How to find the angle between the major axis and N-ray of an ellipse.

[Tom-]

 

[LCKurtz]

The standard equation of an ellipse with major axis in the x direction is [MATH]\frac{x^2}{a^2}+ \frac{y^2}{b^2}=1[/MATH]. The focal distance equation is [MATH]c^2 = a^2-b^2[/MATH]. The gradient of the left side of the equation of the ellipse is [MATH]\vec N =\langle \frac{2x}{a^2},\frac{2y}{b^2}\rangle[/MATH] and is perpendicular to the ellipse at [MATH](x,y)[/MATH]. Now, if you know [MATH]\vec N[/MATH], you can find the angle you need. Looking at what you are given and what you need, what are your thoughts?

 

[Tom-]

Rather than using the focal points as inputs, could I save a step using the overall width and height of the ellipse as inputs?
This problem is my own and if I do not need the focal points to solve this I'd prefer to simplify the problem.
The back ground to this question and myself...
Solving this problem will allow me to build it into a spreadsheet where I can solve thousands of these and thus allow the configuration of a tool path on a machine with an overall elliptical form.
I'm not terrifically math savvy, but am willing to learn.
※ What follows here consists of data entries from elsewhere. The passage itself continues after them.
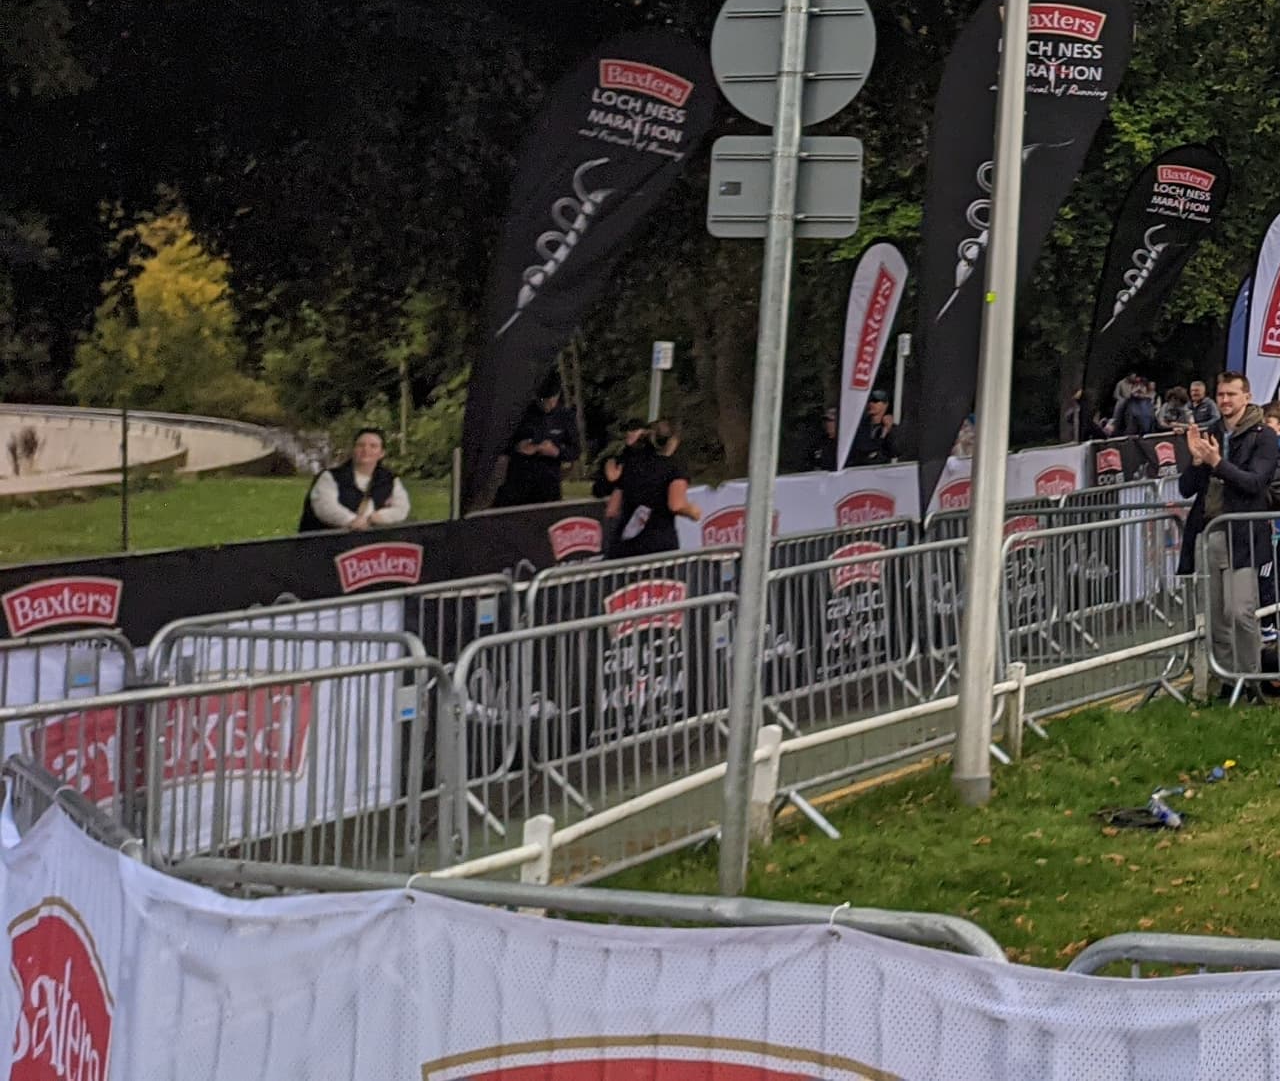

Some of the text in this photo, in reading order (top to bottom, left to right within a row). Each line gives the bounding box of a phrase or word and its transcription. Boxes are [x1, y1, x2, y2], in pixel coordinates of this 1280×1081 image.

[1028, 10, 1097, 34] axters
[1058, 43, 1104, 59] NESS
[607, 65, 684, 100] Baxters
[591, 87, 687, 124] LOCH NESS
[1153, 183, 1211, 201] LOCH NESS
[855, 277, 892, 382] Baxters
[344, 552, 417, 583] Baxters
[14, 586, 113, 627] Baxters
I feel like I could work this out if I had graphics that explained the voids in my knowledge.
Maybe it would be better to ask; what is the best approach to this solution?
It seems the focal distance equation may be unnecessary...?

 

[LCKurtz]

If you know the lengths of the major and minor semiaxes, [MATH]a[/MATH] and [MATH]b[/MATH], the vector [MATH]\vec N[/MATH] I gave you in post #2 is all you need. You can leave out the 2's and use [MATH]\vec N = \langle \frac{x}{a^2},\frac{y}{b^2}\rangle[/MATH]. Then [MATH]\tan\theta = \frac{yb^2}{xa^2}[/MATH]. You can calculate for as many (x,y) points along the ellipse as you need.

 

[Tom-]

I''l try this in word form to show my interpretation.
major semi is 4
minor semi is 2
random point on the ellipse is x2.0029 y1.7312

Nray equals 2.0029 divided by 16--->0.12518125 and 1.7312 divided by 4--->0.4328
tan theta = (0.4328 times 4 ) / (1.7312 times 16)
tan theta = 1.7312 divided by 2.0029
tan theta = 0.86435
The knowledge gap here is huge. ugh
If tan theta is 0.86435 then I don't see the value...

 

[LCKurtz]

You can use Excel's atan2 function to get the angle from the formula. I have attached a little spreadsheet to show you the idea. You input the semi axis values in the green cells, and any x values you want in the first column. The yellow cells are all calculated, so don't put anything in them. The first row illustrates your x value of 2.0029. You can copy the formulas down as many rows as you want. I have just included formulas for the top half of the ellipse. Play with it and let me know if you need more help.
I just discovered that this site won't let me upload a spreadsheet with .xlsx. If you would like to PM me with your email address, I will email it to you. I don't know why I can't just attach it here.

 

[LCKurtz]

I'm going to try another way to upload it. I renamed it to nray.pdf. But it is NOT a pdf file. Download it and change the extension to .xlsx from .pdf, then Excel will open it. If that works I won't need to email it to you.

 

[Tom-]

Thank you. I have access to Excel at work and will try it there tomorrow.

 

[LCKurtz]

So, did it work out for you? Do you have any additional questions, or are we done here?

 

[Tom-]

Yes! It works beautifully and is a solution I couldn’t have hoped to ever solve on my own. Thank you-sincerely.
I have gotten very busy with other pursuits and have not yet tried to solve for the other half but hope it is something I can come up with when it is time.
You are very kind to help folks with such things LCKurtz!
Tom-

 

[LCKurtz]

You're welcome. For the other half just change the sign of the answer. Same degrees but negative.